What you have to do:
The entries need to be copied exactly.

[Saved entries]

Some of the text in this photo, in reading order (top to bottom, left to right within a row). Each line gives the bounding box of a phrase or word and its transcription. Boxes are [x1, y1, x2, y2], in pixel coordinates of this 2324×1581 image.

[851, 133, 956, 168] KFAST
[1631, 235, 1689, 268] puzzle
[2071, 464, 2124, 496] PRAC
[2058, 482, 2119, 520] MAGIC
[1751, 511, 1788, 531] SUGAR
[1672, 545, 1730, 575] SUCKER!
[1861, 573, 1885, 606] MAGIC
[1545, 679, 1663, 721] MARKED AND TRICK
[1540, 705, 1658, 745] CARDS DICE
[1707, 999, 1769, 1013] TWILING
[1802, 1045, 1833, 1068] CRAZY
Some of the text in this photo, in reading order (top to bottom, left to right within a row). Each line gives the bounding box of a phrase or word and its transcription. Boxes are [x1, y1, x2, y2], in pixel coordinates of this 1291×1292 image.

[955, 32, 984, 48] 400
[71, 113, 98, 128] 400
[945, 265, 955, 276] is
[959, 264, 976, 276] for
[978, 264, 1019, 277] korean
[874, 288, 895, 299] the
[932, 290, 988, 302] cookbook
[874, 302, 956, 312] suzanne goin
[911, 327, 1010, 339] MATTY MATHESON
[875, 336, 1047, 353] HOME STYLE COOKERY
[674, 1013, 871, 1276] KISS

Result of the task:
Some of the text in this photo, in reading order (top to bottom, left to right within a row). Each line gives the bounding box of a phrase or word and its transcription. Boxes are [x1, y1, x2, y2], in pixel coordinates of this 2324×1581 image.

[851, 133, 956, 168] KFAST
[1631, 235, 1689, 268] puzzle
[2071, 464, 2124, 496] PRAC
[2058, 482, 2119, 520] MAGIC
[1751, 511, 1788, 531] SUGAR
[1672, 545, 1730, 575] SUCKER!
[1861, 573, 1885, 606] MAGIC
[1545, 679, 1663, 721] MARKED AND TRICK
[1540, 705, 1658, 745] CARDS DICE
[1707, 999, 1769, 1013] TWILING
[1802, 1045, 1833, 1068] CRAZY
Some of the text in this photo, in reading order (top to bottom, left to right within a row). Each line gives the bounding box of a phrase or word and its transcription. Boxes are [x1, y1, x2, y2], in pixel coordinates of this 1291×1292 image.

[955, 32, 984, 48] 400
[71, 113, 98, 128] 400
[945, 265, 955, 276] is
[959, 264, 976, 276] for
[978, 264, 1019, 277] korean
[874, 288, 895, 299] the
[932, 290, 988, 302] cookbook
[874, 302, 956, 312] suzanne goin
[911, 327, 1010, 339] MATTY MATHESON
[875, 336, 1047, 353] HOME STYLE COOKERY
[674, 1013, 871, 1276] KISS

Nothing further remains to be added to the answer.